Benjamin Bagby of Ensemble Sequentia opened the symposium with a presentation on his current project of performing the Beowulf epic, describing his attempts to reconstruct or re-imagine how this poem might have been sung. He described his experimental reconstruction of an early medieval Anglo-Saxon harp, its possible shape, range, tuning, and number of strings, based on observations of medieval mode, iconographic evidence, and deductions from the physical characteristics of wood and gut; this was complemented by observations on metre, rhyme, declamation and rhetorical aspects of the poem itself which informed the melodic shape and phrasing of his realisation. A demonstration of a section from the epic in which all these elements were brought together concluded the presentation.
Bagby’s presentation was followed by two papers on troubadours and trouvères; Peter Ricketts approached the topic from a philologist’s perspective, providing insights into his vast experience as an editor of medieval Occitan poetry and his occasional contacts with musicologists and performers attempting to come to terms with a repertoire much of which survives without musical notation. He deplored both the lack of real collaboration between textual and musical scholars in editing this repertoire and the lack of communication between philologists and performers, often leading to egregious errors in pronunciation, style, and mode of delivery. In her paper ‘From the scribe to the listener: some issues in Old French, Occitan and Galician-Portuguese song’, Mary O’Neill approached the same topic from the musical side; she pointed out even where musical notation does survive (which is the case for the Galician/Portuguese cantigas, far less so for Occitan poetry), one principal issue remains unresolved: while the pitches are straightforward to transcribe, the rhythms in non-mensural notation remain open to substantial interpretation by musicologists and modern-day performers. By giving a survey of previous and current approaches to this issue, she demonstrated how far scholarship still is from providing a robust underpinning to the practical execution of this repertoire.

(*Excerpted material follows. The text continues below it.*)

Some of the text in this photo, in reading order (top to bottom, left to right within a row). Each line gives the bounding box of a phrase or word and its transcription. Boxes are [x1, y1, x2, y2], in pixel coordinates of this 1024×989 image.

After lunch, Uri Smilansky took a source-based approach to the question of performing 14th-century song in his paper entitled ‘Thinking, doing, feeling: ars subtilior and expression in medieval music’. Drawing on his own experience as a performer, he argued that there is much more to be gleaned from the page of a polyphonic music manuscript than pitches and rhythms; in particular, he demonstrated impressively how rhythmic-melodic gestures, in the way they occupy both musical space and the space on the written page, ‘translate’ the expression of the poetic text in a way which is immediately comprehensible to both performers and listeners. A counterpoint to this presentation was provided by Ian Rumbold who gave an overview over the repertoire of secular polyphony in the ‘St Emmeram’ codex (Munich, Bayerische Staatsbibliothek, Clm 14274) of c. 1440; Rumbold described the way in which German and French song, originals and contrafacta, local and international repertoire rubbed shoulders in this highly idiosyncratic collection of the German priest and scholar Hermann Pötzlinger.

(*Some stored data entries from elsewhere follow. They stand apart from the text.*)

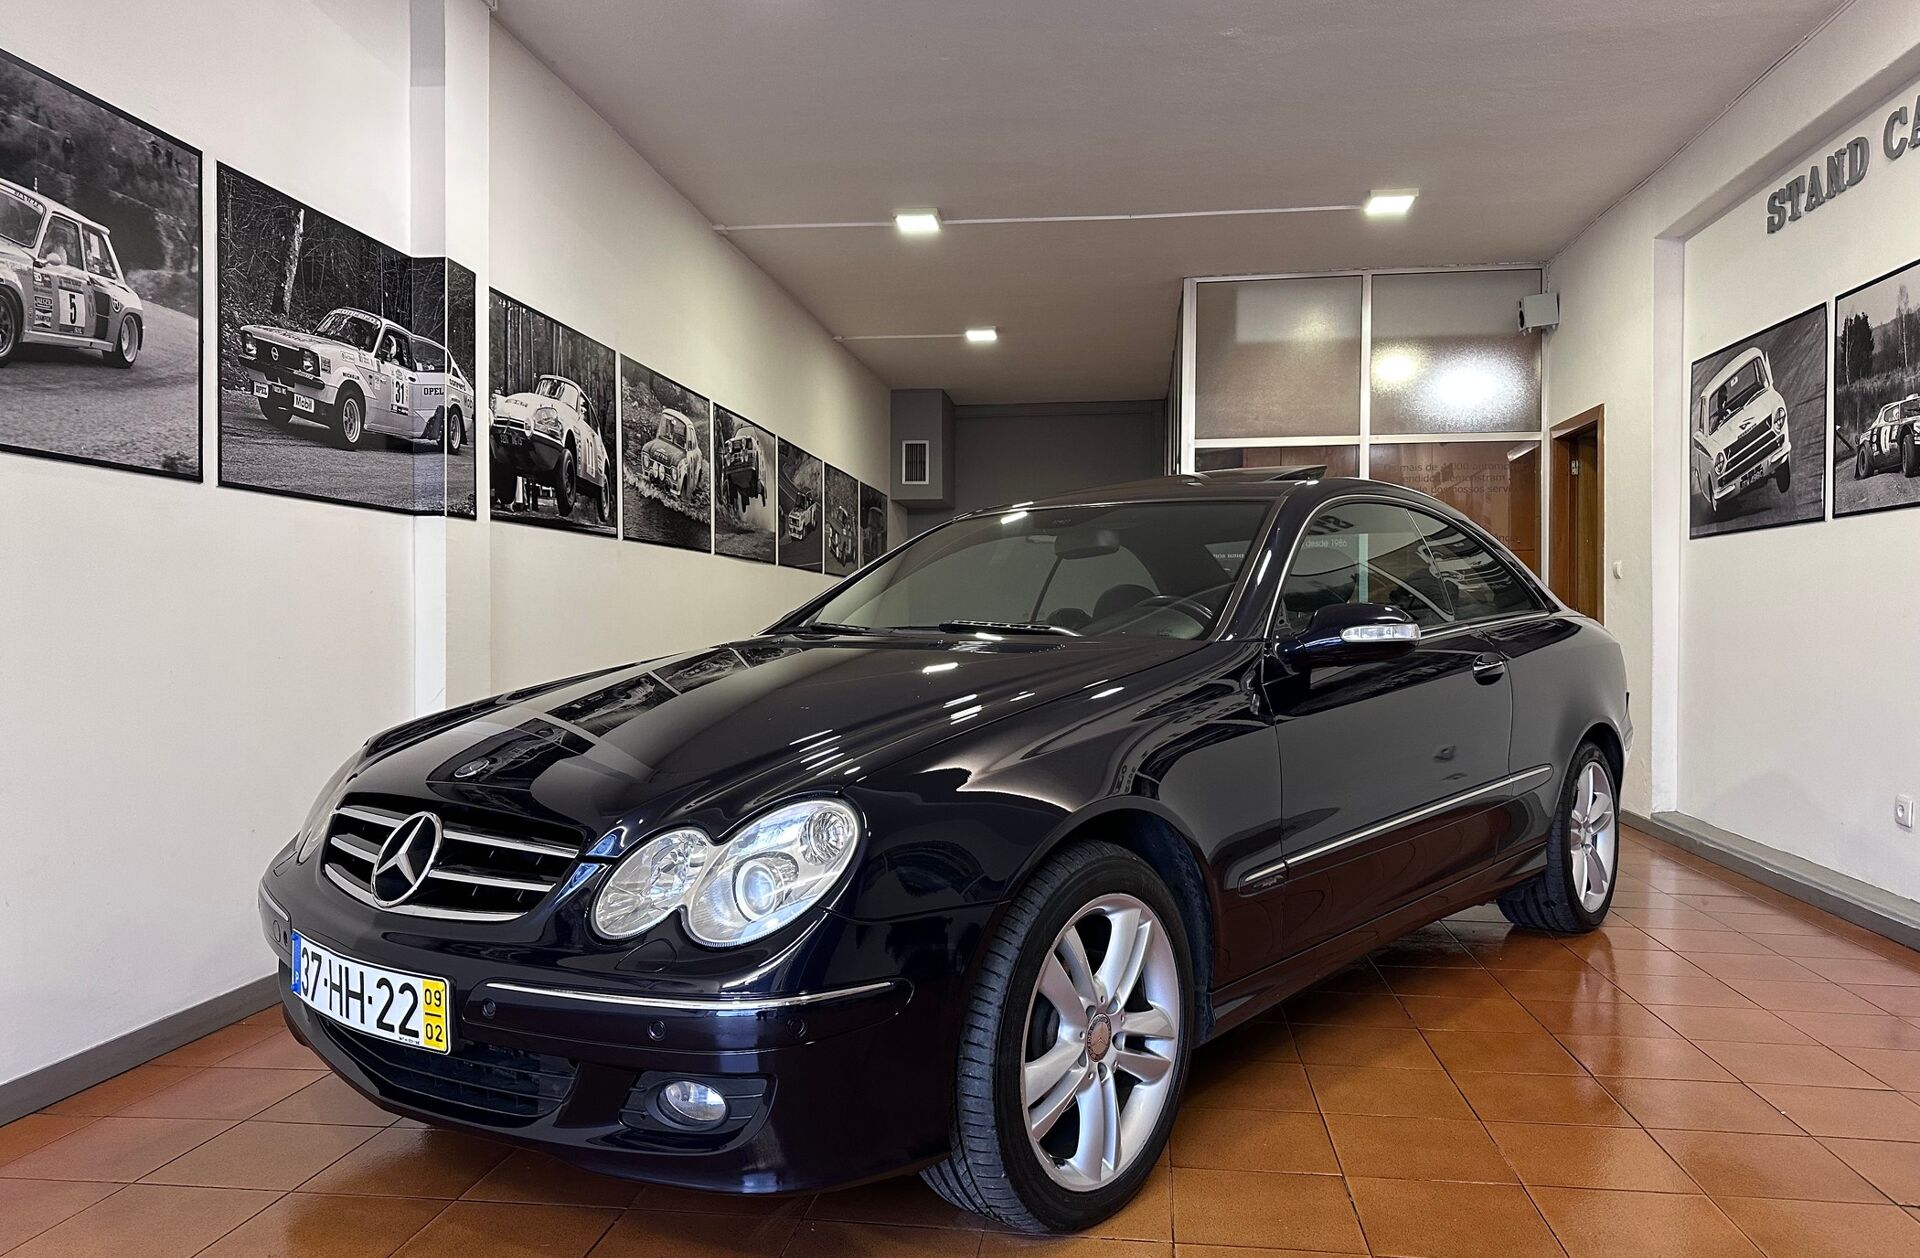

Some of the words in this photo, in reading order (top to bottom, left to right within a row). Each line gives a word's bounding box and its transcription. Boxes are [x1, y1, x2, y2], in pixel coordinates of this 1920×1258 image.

[1767, 137, 1870, 234] STAND
[69, 294, 77, 324] 5
[255, 385, 267, 395] OPEL
[395, 381, 405, 404] 31
[423, 387, 444, 395] OPEL
[295, 396, 313, 409] Mobil
[1426, 463, 1438, 471] de
[1331, 538, 1348, 547] 1986
[425, 989, 442, 1008] 09
[425, 1023, 443, 1042] 02

The day was brought to a close by John Potter’s observations on ‘Finding a voice: a medieval singer in the 21st century’. Postulating a disjunction between musicologists who were, in his view, searching for absolute historical ‘truth’, and performers who were searching for artistic viability in the present, he charted his journey from a practitioner of ‘historically informed practice’ via his work on 19th-century singing styles to his recent and current experiments in the ‘Being Dufay’ project with the composer Ambrose Field where he had performed re-composed and re-imagined songs (and fragments of songs) by Guillaume Dufay for voice and electronics. Like the day as a whole, Potter’s presentation and the spirited discussion which followed it demonstrated how even after more than half a century of ‘HIP’ (and a discourse between scholars and performers which has been going on for much longer), much work is still to be done – some of it even fundamental – in finding truly common ground between the study of music and its performance.
Thomas Schmidt-Beste
It's great that there are these events that promote medieval music.